Keep every word of the listing and drop the images when you write it out.
Content starts
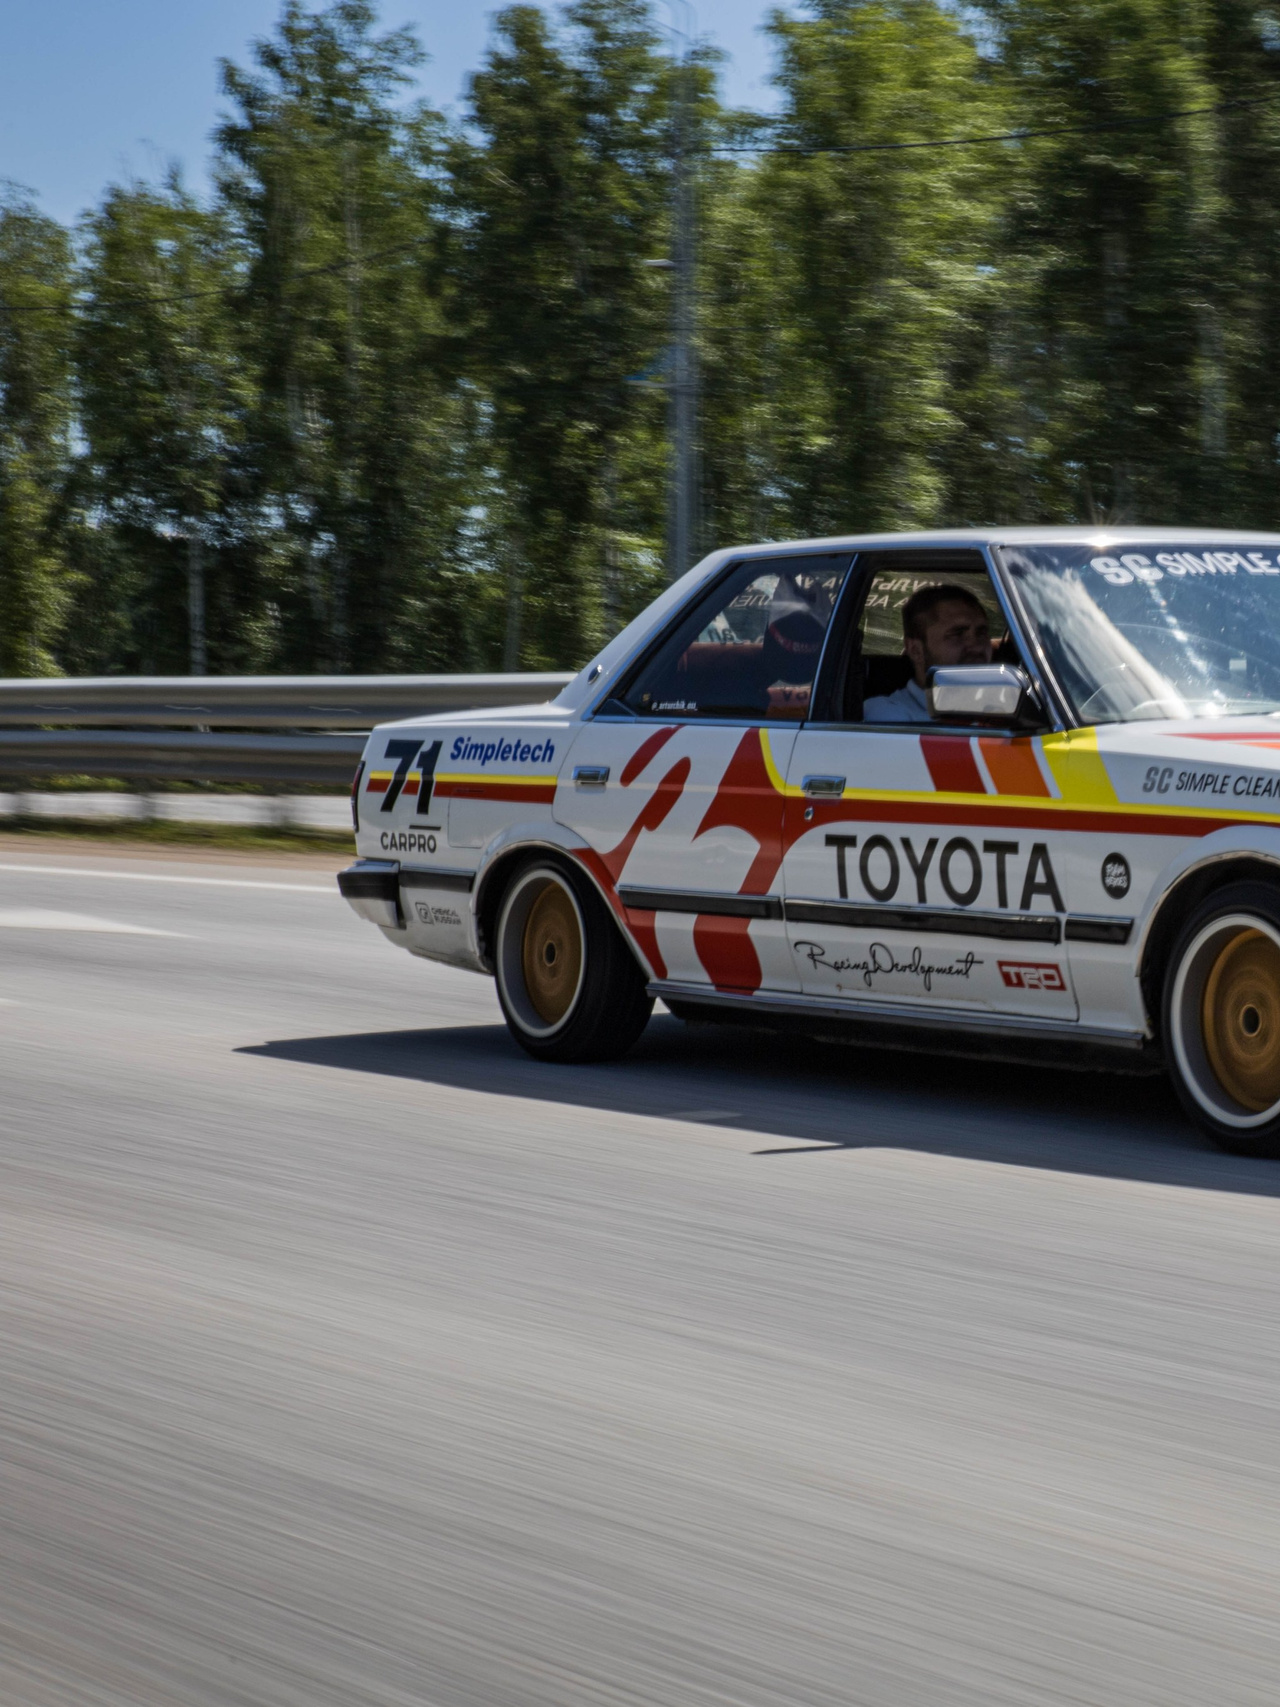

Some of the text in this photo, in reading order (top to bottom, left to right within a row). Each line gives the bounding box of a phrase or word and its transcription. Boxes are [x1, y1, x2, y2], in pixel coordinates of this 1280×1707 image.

[1090, 553, 1163, 587] SC
[1155, 551, 1280, 578] SIMPLE
[450, 737, 555, 766] Simpletech
[380, 739, 443, 815] 71
[1142, 766, 1174, 794] SC
[1175, 771, 1232, 794] SIMPLE
[380, 831, 438, 854] CARPRO
[825, 833, 1067, 914] TOYOTA
[793, 941, 880, 988] Racing
[1000, 964, 1064, 989] TRD
Content ends
- _ANSWER SECTION_
Some of the text in this photo, in reading order (top to bottom, left to right within a row). Each line gives the bounding box of a phrase or word and its transcription. Boxes are [x1, y1, x2, y2], in pixel coordinates of this 1280×1707 image.

[1090, 553, 1163, 587] SC
[1155, 551, 1280, 578] SIMPLE
[450, 737, 555, 766] Simpletech
[380, 739, 443, 815] 71
[1142, 766, 1174, 794] SC
[1175, 771, 1232, 794] SIMPLE
[380, 831, 438, 854] CARPRO
[825, 833, 1067, 914] TOYOTA
[793, 941, 880, 988] Racing
[1000, 964, 1064, 989] TRD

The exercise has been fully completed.